▶ What is being asked
Exact output of all the records is required.

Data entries
--

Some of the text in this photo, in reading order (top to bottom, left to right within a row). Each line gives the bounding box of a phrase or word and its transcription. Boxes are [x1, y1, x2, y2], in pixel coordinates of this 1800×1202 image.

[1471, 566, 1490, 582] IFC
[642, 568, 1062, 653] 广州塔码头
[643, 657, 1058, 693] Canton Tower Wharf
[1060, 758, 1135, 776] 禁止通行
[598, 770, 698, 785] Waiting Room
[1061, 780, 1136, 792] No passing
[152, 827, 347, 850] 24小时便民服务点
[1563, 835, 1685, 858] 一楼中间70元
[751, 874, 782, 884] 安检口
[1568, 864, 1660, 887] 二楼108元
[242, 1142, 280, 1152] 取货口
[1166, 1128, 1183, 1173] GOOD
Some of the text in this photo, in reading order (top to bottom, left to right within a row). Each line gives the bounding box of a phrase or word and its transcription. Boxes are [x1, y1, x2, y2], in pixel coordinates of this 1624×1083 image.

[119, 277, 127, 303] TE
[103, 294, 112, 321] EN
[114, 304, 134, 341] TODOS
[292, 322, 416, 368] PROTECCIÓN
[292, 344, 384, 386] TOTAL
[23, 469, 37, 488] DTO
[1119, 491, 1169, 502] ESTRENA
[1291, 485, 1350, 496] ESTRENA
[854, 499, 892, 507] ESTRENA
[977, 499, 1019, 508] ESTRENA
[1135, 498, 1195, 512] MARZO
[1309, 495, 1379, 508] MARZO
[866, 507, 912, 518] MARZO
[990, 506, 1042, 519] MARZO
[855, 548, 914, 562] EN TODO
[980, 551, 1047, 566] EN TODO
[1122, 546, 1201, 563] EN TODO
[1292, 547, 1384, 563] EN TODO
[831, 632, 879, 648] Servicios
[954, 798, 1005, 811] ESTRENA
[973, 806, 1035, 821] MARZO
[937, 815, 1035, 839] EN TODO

--

▶ Exercise response
Some of the text in this photo, in reading order (top to bottom, left to right within a row). Each line gives the bounding box of a phrase or word and its transcription. Boxes are [x1, y1, x2, y2], in pixel coordinates of this 1800×1202 image.

[1471, 566, 1490, 582] IFC
[642, 568, 1062, 653] 广州塔码头
[643, 657, 1058, 693] Canton Tower Wharf
[1060, 758, 1135, 776] 禁止通行
[598, 770, 698, 785] Waiting Room
[1061, 780, 1136, 792] No passing
[152, 827, 347, 850] 24小时便民服务点
[1563, 835, 1685, 858] 一楼中间70元
[751, 874, 782, 884] 安检口
[1568, 864, 1660, 887] 二楼108元
[242, 1142, 280, 1152] 取货口
[1166, 1128, 1183, 1173] GOOD
Some of the text in this photo, in reading order (top to bottom, left to right within a row). Each line gives the bounding box of a phrase or word and its transcription. Boxes are [x1, y1, x2, y2], in pixel coordinates of this 1624×1083 image.

[119, 277, 127, 303] TE
[103, 294, 112, 321] EN
[114, 304, 134, 341] TODOS
[292, 322, 416, 368] PROTECCIÓN
[292, 344, 384, 386] TOTAL
[23, 469, 37, 488] DTO
[1119, 491, 1169, 502] ESTRENA
[1291, 485, 1350, 496] ESTRENA
[854, 499, 892, 507] ESTRENA
[977, 499, 1019, 508] ESTRENA
[1135, 498, 1195, 512] MARZO
[1309, 495, 1379, 508] MARZO
[866, 507, 912, 518] MARZO
[990, 506, 1042, 519] MARZO
[855, 548, 914, 562] EN TODO
[980, 551, 1047, 566] EN TODO
[1122, 546, 1201, 563] EN TODO
[1292, 547, 1384, 563] EN TODO
[831, 632, 879, 648] Servicios
[954, 798, 1005, 811] ESTRENA
[973, 806, 1035, 821] MARZO
[937, 815, 1035, 839] EN TODO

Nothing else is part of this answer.